Assignment
Give the data below again exactly as written, but without the pictures.

BEGIN Entries shown

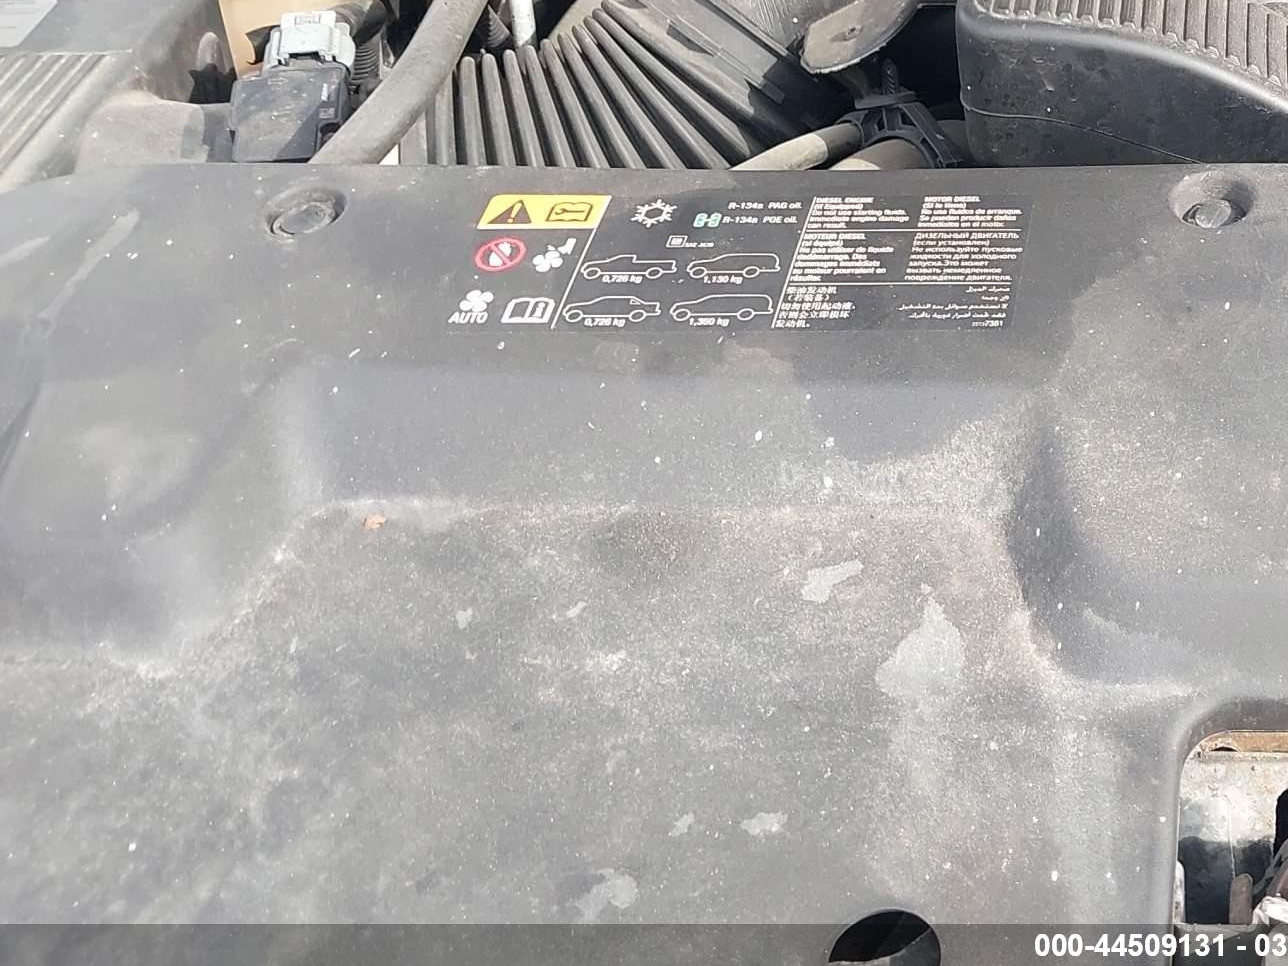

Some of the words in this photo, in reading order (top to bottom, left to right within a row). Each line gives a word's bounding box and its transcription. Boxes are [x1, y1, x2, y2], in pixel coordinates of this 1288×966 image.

[629, 275, 643, 283] kg
[729, 275, 743, 284] kg
[447, 311, 489, 324] AUTO
[611, 317, 626, 327] kg
[716, 317, 730, 327] kg

END Entries shown

Your solution
Some of the words in this photo, in reading order (top to bottom, left to right within a row). Each line gives a word's bounding box and its transcription. Boxes are [x1, y1, x2, y2], in pixel coordinates of this 1288×966 image.

[629, 275, 643, 283] kg
[729, 275, 743, 284] kg
[447, 311, 489, 324] AUTO
[611, 317, 626, 327] kg
[716, 317, 730, 327] kg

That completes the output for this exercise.